TASK
Return the full listing character for character, without its pictures.

MATERIAL SHOWN

···

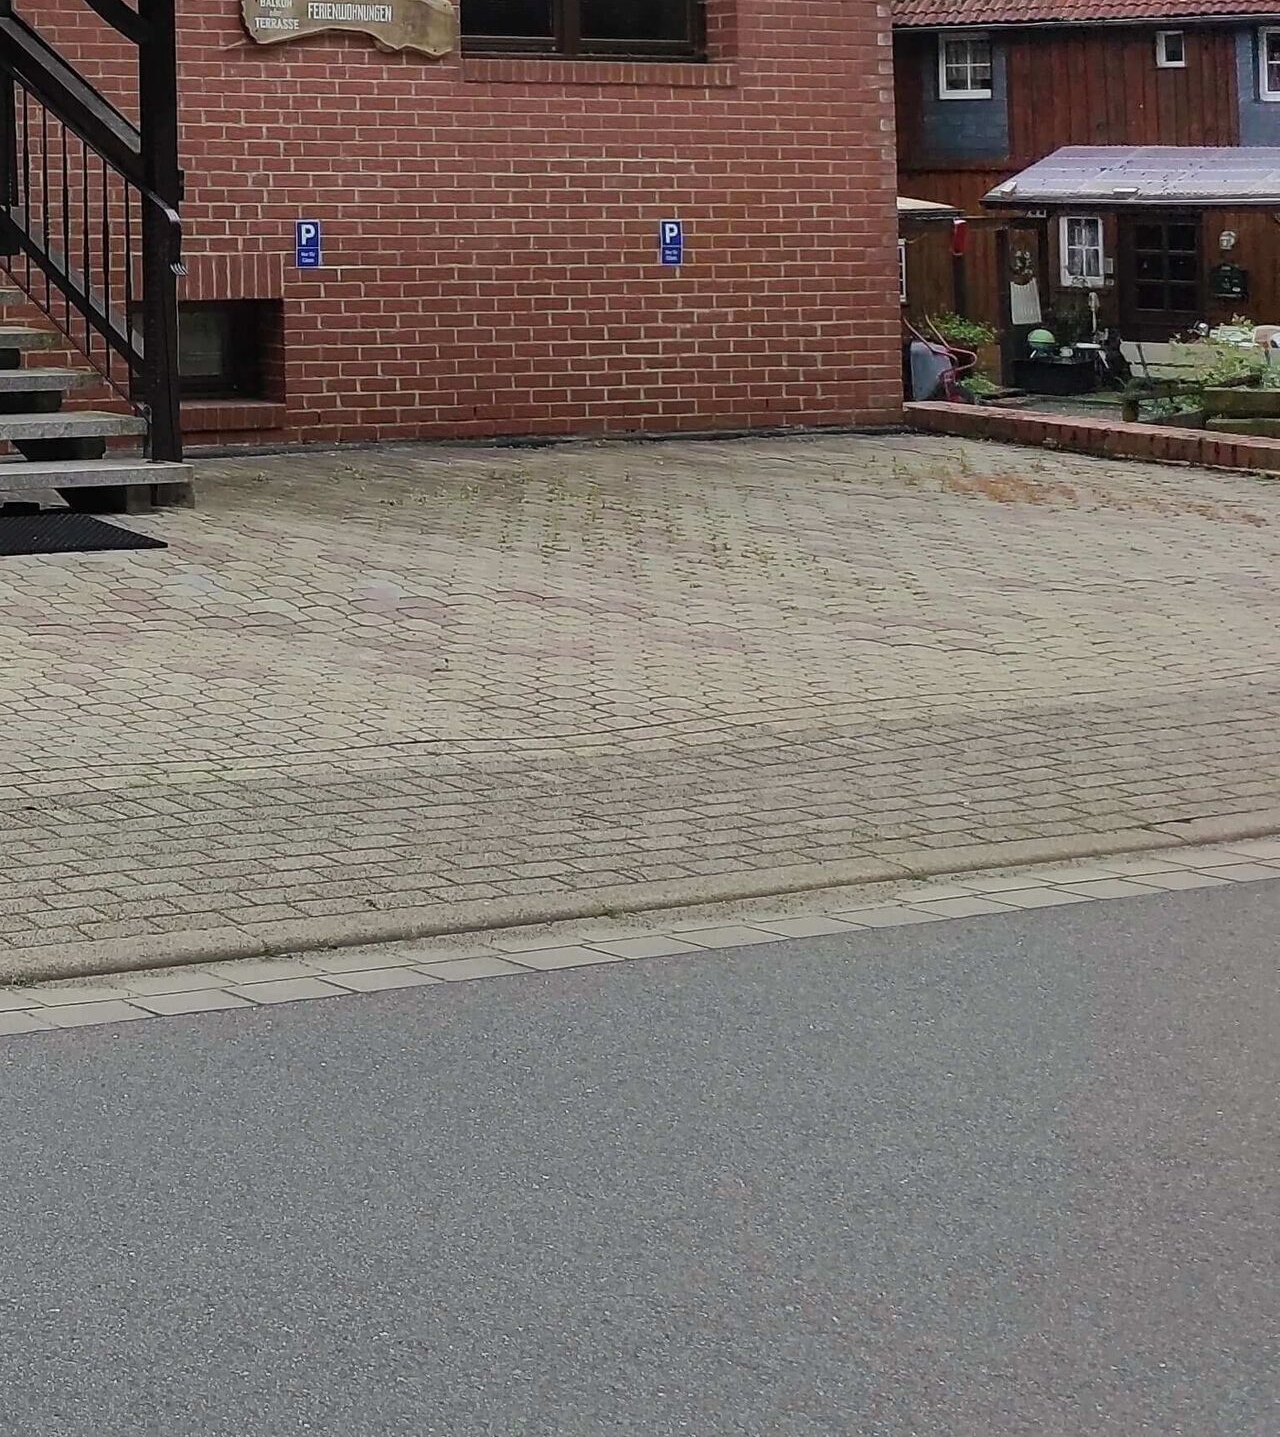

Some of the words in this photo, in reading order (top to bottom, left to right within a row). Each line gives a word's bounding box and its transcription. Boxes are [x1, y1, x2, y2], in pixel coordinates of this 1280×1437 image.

[307, 2, 392, 22] FERIENWOHNUNGEN
[255, 17, 299, 30] TERRASSE
[301, 224, 315, 246] P
[665, 223, 678, 244] P
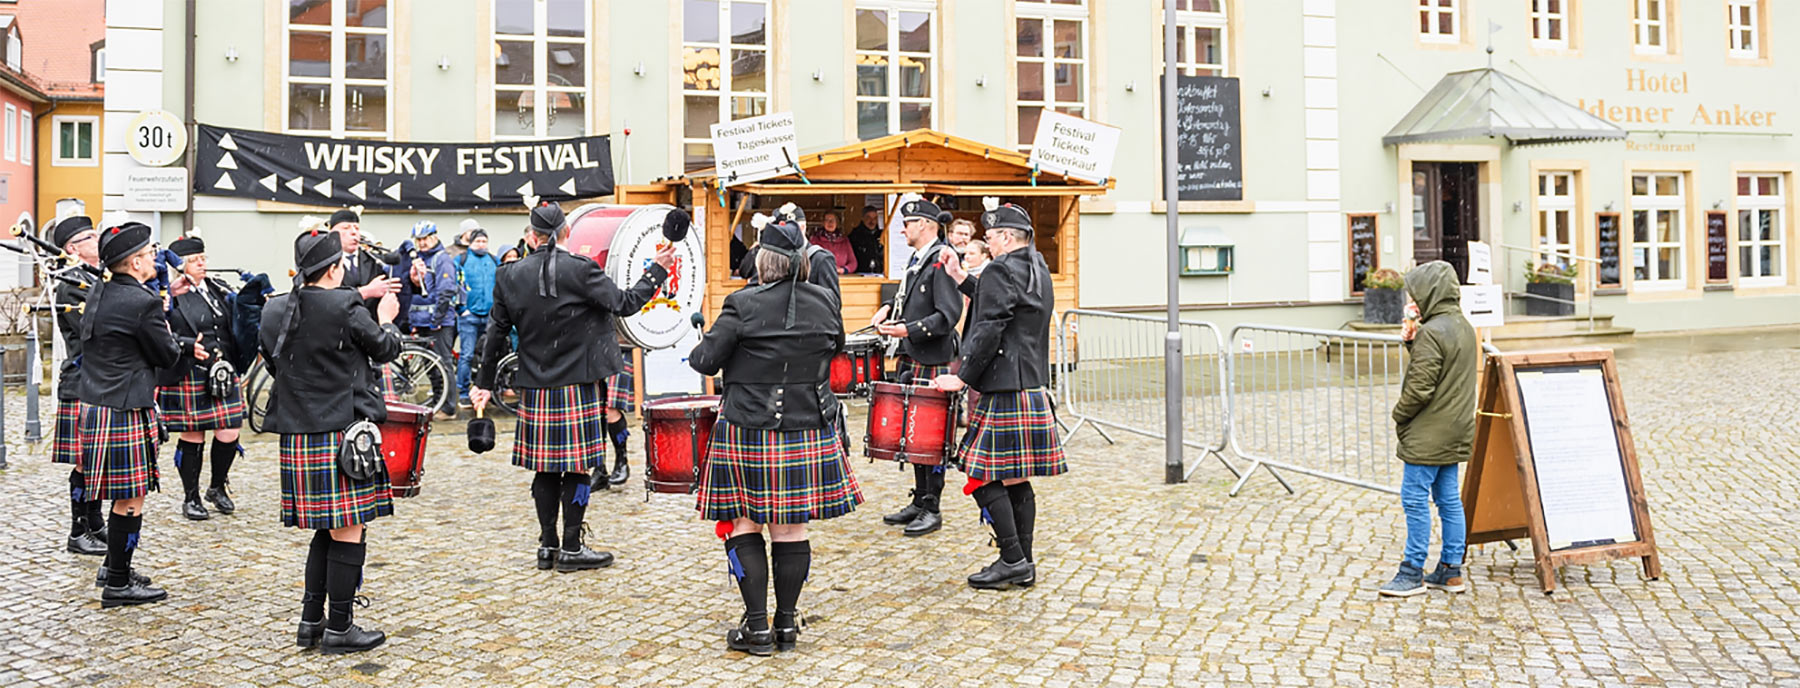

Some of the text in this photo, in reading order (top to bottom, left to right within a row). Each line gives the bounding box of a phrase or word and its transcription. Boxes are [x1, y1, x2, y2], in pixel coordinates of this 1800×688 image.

[1625, 68, 1689, 94] Hotel
[1579, 98, 1777, 127] ldener Anker
[139, 126, 172, 148] 30 t
[716, 118, 793, 138] Festival Tickets
[1053, 122, 1096, 142] Festival
[737, 133, 794, 150] Tageskasse
[1052, 137, 1090, 155] Tickets
[1625, 140, 1696, 152] Restaurant
[304, 141, 600, 175] WHISKY FESTIVAL
[721, 153, 770, 169] Seminare
[1037, 148, 1097, 172] Vorverkauf
[128, 174, 184, 183] Feuerwehrzufahrt
[907, 404, 918, 444] AXIAL
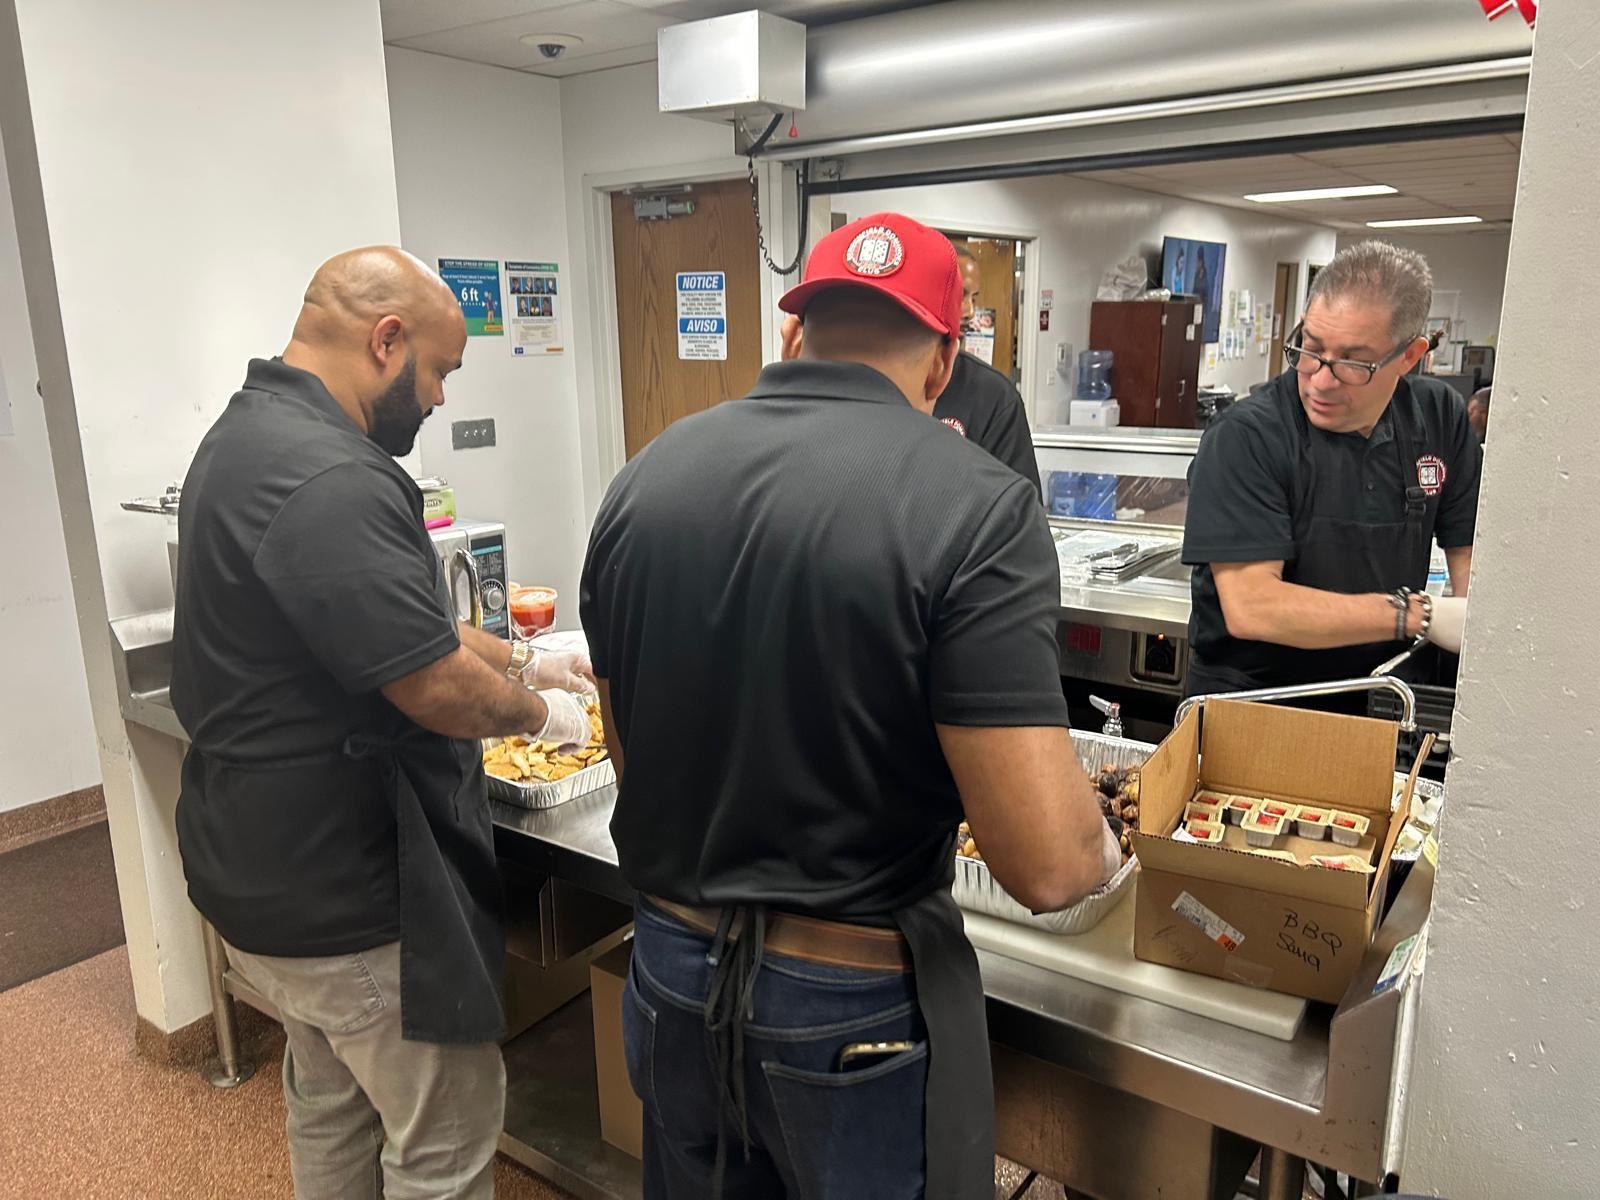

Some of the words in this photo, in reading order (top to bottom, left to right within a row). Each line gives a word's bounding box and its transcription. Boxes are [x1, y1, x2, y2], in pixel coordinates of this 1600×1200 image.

[682, 276, 719, 289] NOTICE
[461, 287, 468, 302] 6
[470, 287, 479, 302] ft
[686, 319, 717, 332] AVISO
[1283, 907, 1343, 957] BBQ

···

REPLY TO THE EXERCISE
Some of the words in this photo, in reading order (top to bottom, left to right within a row). Each line gives a word's bounding box and its transcription. Boxes are [x1, y1, x2, y2], in pixel coordinates of this 1280×1437 image.

[307, 2, 392, 22] FERIENWOHNUNGEN
[255, 17, 299, 30] TERRASSE
[301, 224, 315, 246] P
[665, 223, 678, 244] P

Some of the text in this photo, in reading order (top to bottom, left to right within a row). Each line gives the bounding box of a phrase or word and its transcription. Boxes are [x1, y1, x2, y2], in pixel coordinates of this 1800×688 image.

[1625, 68, 1689, 94] Hotel
[1579, 98, 1777, 127] ldener Anker
[139, 126, 172, 148] 30 t
[716, 118, 793, 138] Festival Tickets
[1053, 122, 1096, 142] Festival
[737, 133, 794, 150] Tageskasse
[1052, 137, 1090, 155] Tickets
[1625, 140, 1696, 152] Restaurant
[304, 141, 600, 175] WHISKY FESTIVAL
[721, 153, 770, 169] Seminare
[1037, 148, 1097, 172] Vorverkauf
[128, 174, 184, 183] Feuerwehrzufahrt
[907, 404, 918, 444] AXIAL

Some of the words in this photo, in reading order (top to bottom, left to right within a row). Each line gives a word's bounding box and its transcription. Boxes are [x1, y1, x2, y2], in pixel coordinates of this 1600×1200 image.

[682, 276, 719, 289] NOTICE
[461, 287, 468, 302] 6
[470, 287, 479, 302] ft
[686, 319, 717, 332] AVISO
[1283, 907, 1343, 957] BBQ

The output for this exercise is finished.